La primera es la de reducir el patrimonio social desviando activos en su favor conforme se aproxime una situación en la que la insolvencia de la sociedad sea previsible.

La segunda consiste en incrementar el endeudamiento de la sociedad, lo que provoca automáticamente una disminución del valor de las deudas de la sociedad (en la medida en que haya aumentado el endeudamiento de mi deudor, el riesgo de impago aumenta y, por tanto, el valor de los créditos disminuye).

La tercera consiste en la infrainversión. Una sociedad muy endeudada no tiene incentivos para invertir en nuevos proyectos rentables si los accionistas prevén que los beneficios de tales proyectos irán a pagar la deuda de la sociedad y no a repartirse como dividendos.

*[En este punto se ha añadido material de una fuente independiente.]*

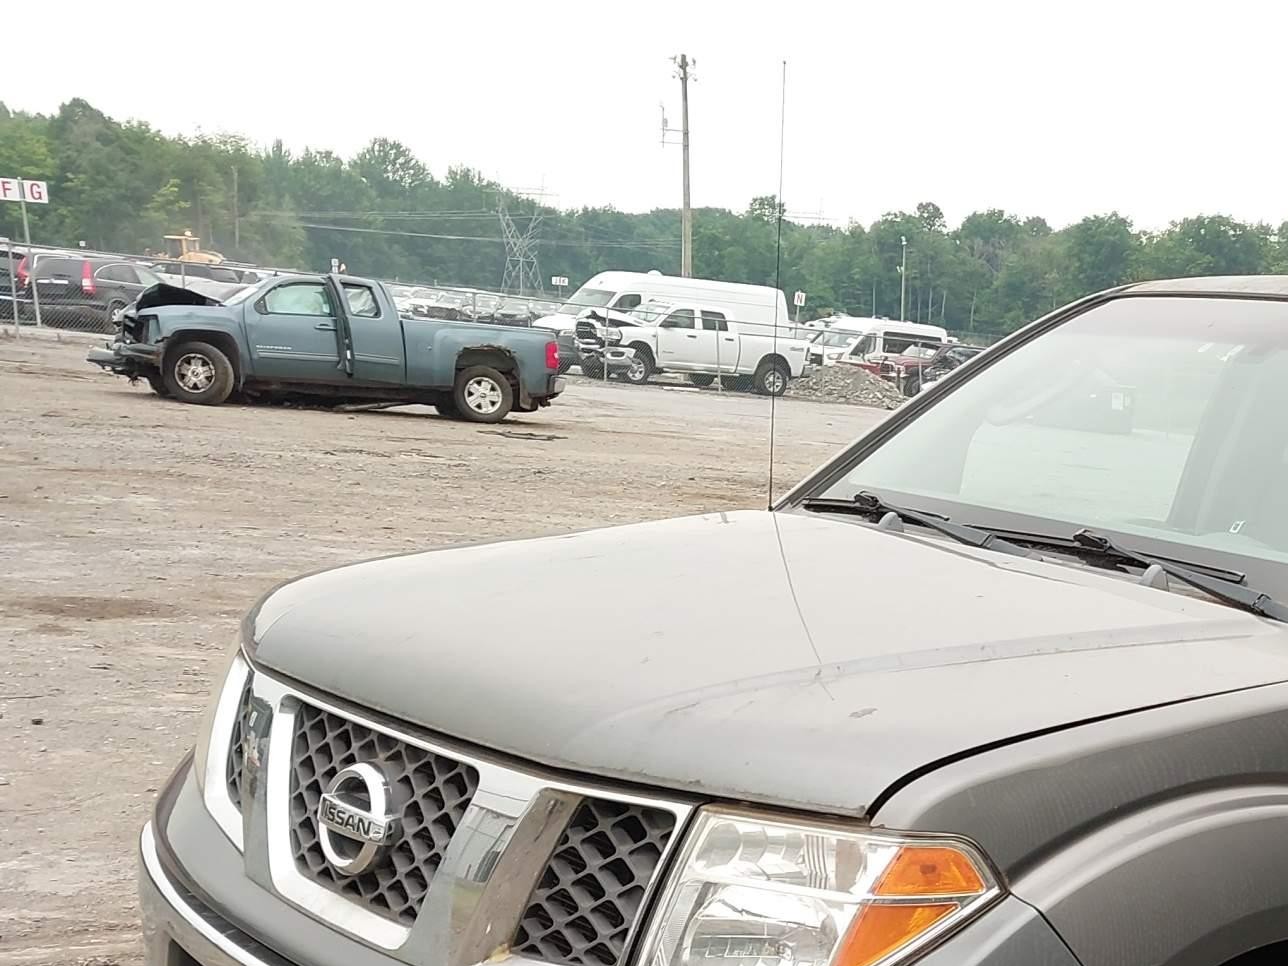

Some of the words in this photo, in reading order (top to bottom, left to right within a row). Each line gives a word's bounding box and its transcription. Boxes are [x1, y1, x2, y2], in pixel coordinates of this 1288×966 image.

[1, 181, 12, 198] F
[30, 182, 43, 201] G
[321, 800, 372, 836] ISSAN

La cuarta consiste en el aumento del nivel de riesgo de los proyectos emprendidos por la sociedad. En la medida en que los beneficios de una inversión irán destinados a pagar a los acreedores, los accionistas tienen incentivos para elegir proyectos muy arriesgados que, si salen bien, producirán muchos beneficios (y, por tanto, les permitirán recibir una parte de ellos) pero que si salen mal serán a costa de los acreedores que no cobrarán sus créditos. Este último es el conflicto más saliente cuando la compañía entra en crisis. Si los administradores se dedican a maximizar el valor de las acciones en lugar de maximizar el valor de la compañía, tendrán incentivos para preferir proyectos más arriesgados pero de menor valor y desechar proyectos menos arriesgados pero de mayor valor si ese mayor valor va a los acreedores y el menor valor del primer caso a los accionistas.

Un famoso ejemplo de Rolnick que roza el absurdo23) permite aclarar los incentivos de accionistas y acreedores.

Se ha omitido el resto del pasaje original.